§ **Problem**: The reply should hold every entry exactly as written and none of the pictures.

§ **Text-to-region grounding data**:
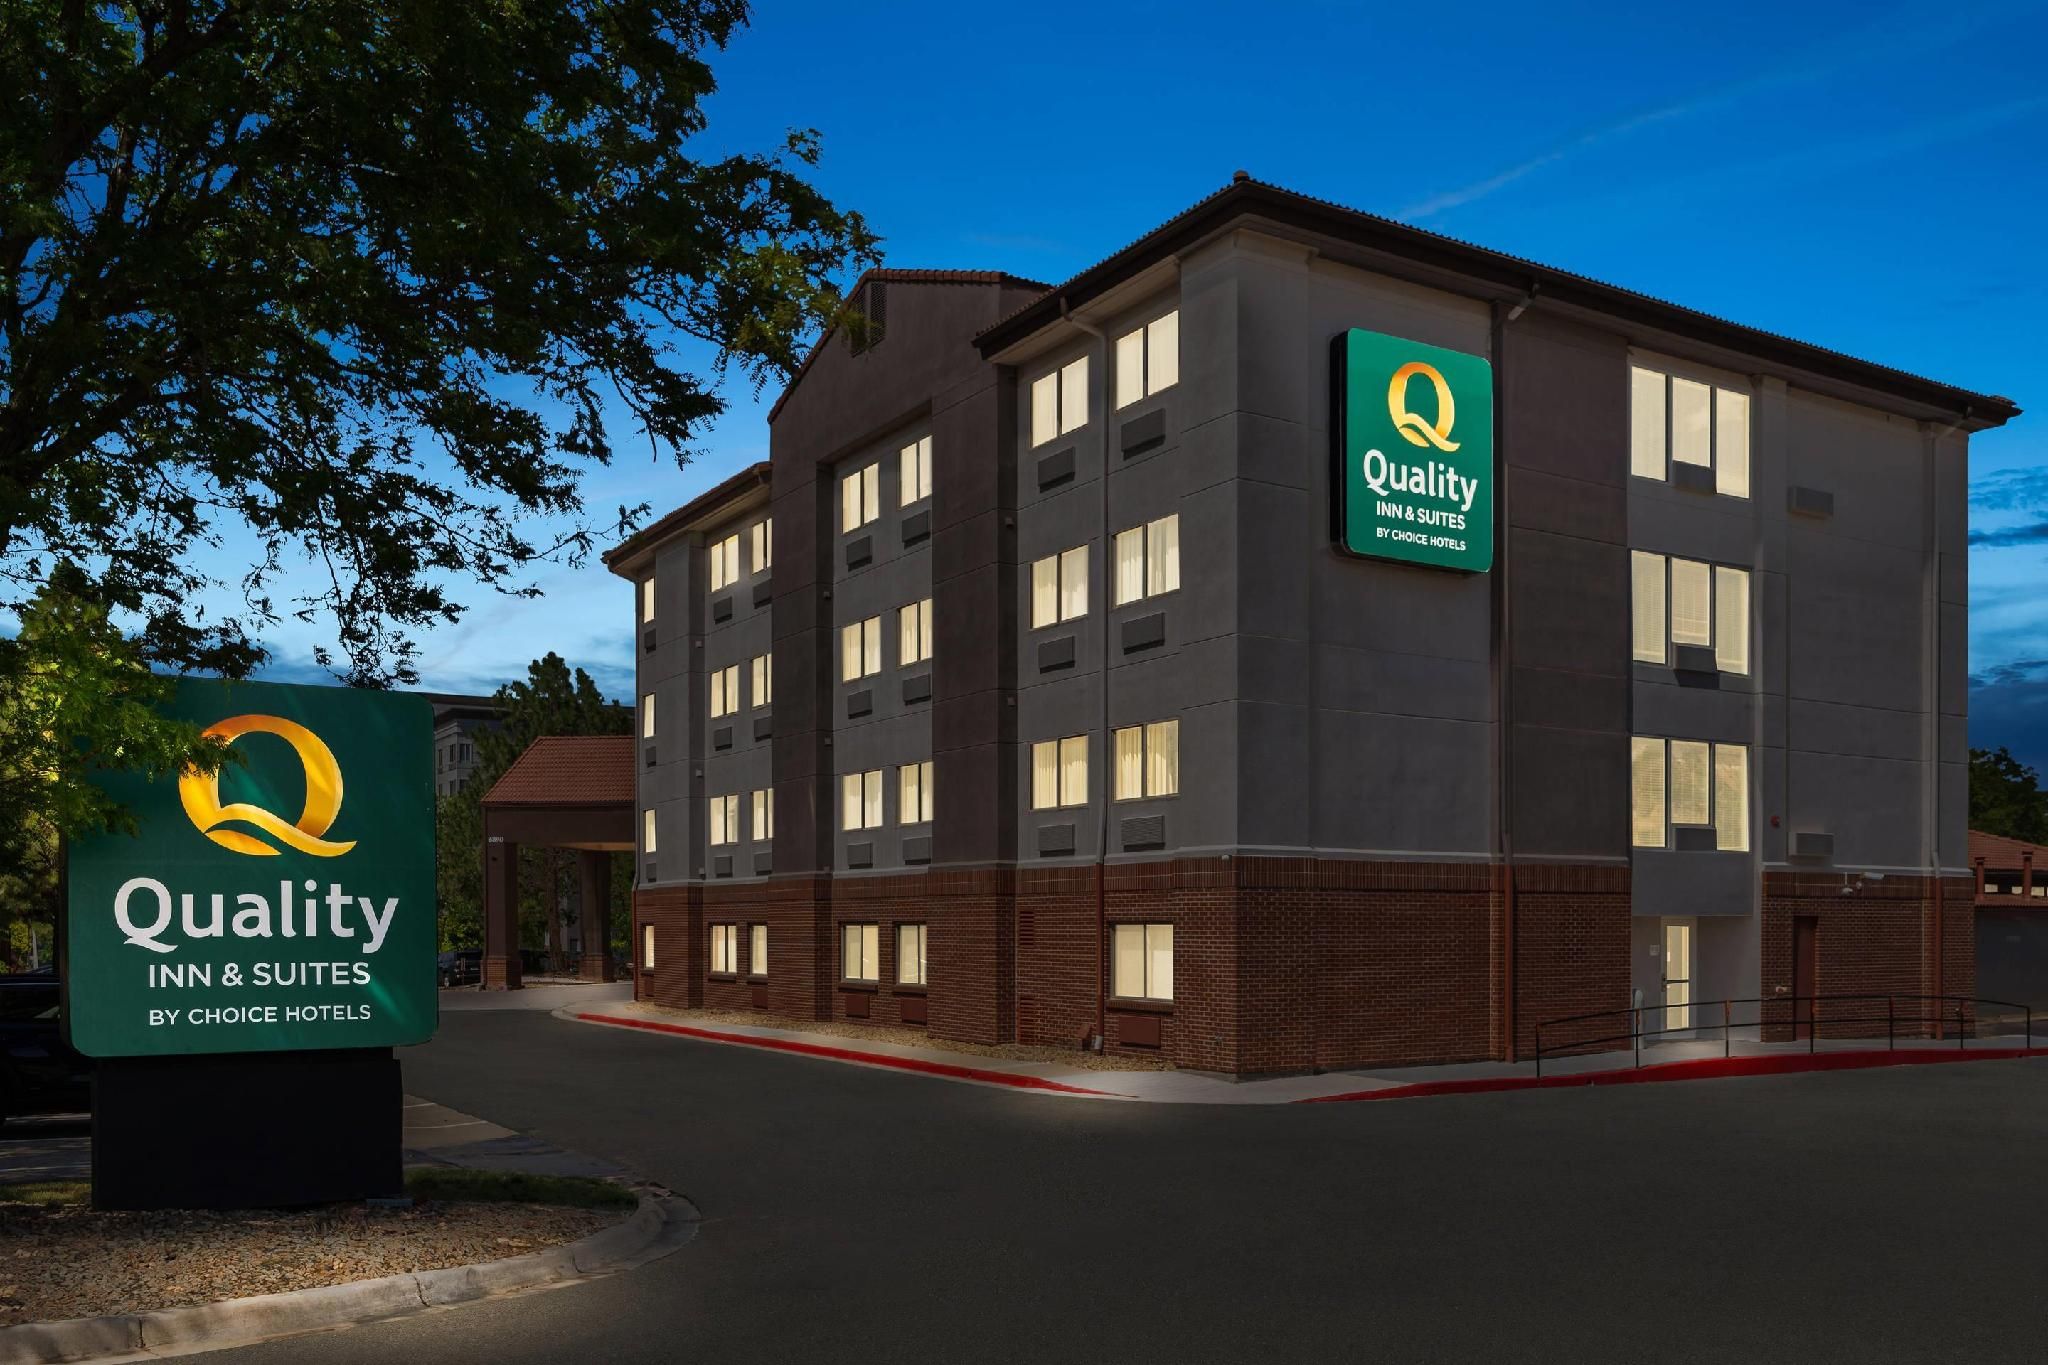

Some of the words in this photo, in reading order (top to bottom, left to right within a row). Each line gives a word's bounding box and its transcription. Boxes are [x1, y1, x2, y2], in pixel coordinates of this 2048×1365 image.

[1387, 361, 1461, 452] Q
[1363, 448, 1478, 512] Quality
[1376, 500, 1403, 519] INN
[1404, 506, 1415, 521] &
[1417, 507, 1466, 530] SUITES
[1376, 527, 1390, 538] BY
[1391, 529, 1428, 545] CHOICE
[1430, 536, 1466, 551] HOTELS
[178, 713, 358, 857] Q
[114, 877, 399, 954] Quality
[149, 962, 211, 988] INN
[221, 962, 244, 987] &
[252, 961, 371, 986] SUITES
[149, 1008, 181, 1026] BY
[187, 1006, 278, 1025] CHOICE
[285, 1004, 371, 1022] HOTELS

§ **Exercise result**:
Some of the words in this photo, in reading order (top to bottom, left to right within a row). Each line gives a word's bounding box and its transcription. Boxes are [x1, y1, x2, y2], in pixel coordinates of this 2048×1365 image.

[1387, 361, 1461, 452] Q
[1363, 448, 1478, 512] Quality
[1376, 500, 1403, 519] INN
[1404, 506, 1415, 521] &
[1417, 507, 1466, 530] SUITES
[1376, 527, 1390, 538] BY
[1391, 529, 1428, 545] CHOICE
[1430, 536, 1466, 551] HOTELS
[178, 713, 358, 857] Q
[114, 877, 399, 954] Quality
[149, 962, 211, 988] INN
[221, 962, 244, 987] &
[252, 961, 371, 986] SUITES
[149, 1008, 181, 1026] BY
[187, 1006, 278, 1025] CHOICE
[285, 1004, 371, 1022] HOTELS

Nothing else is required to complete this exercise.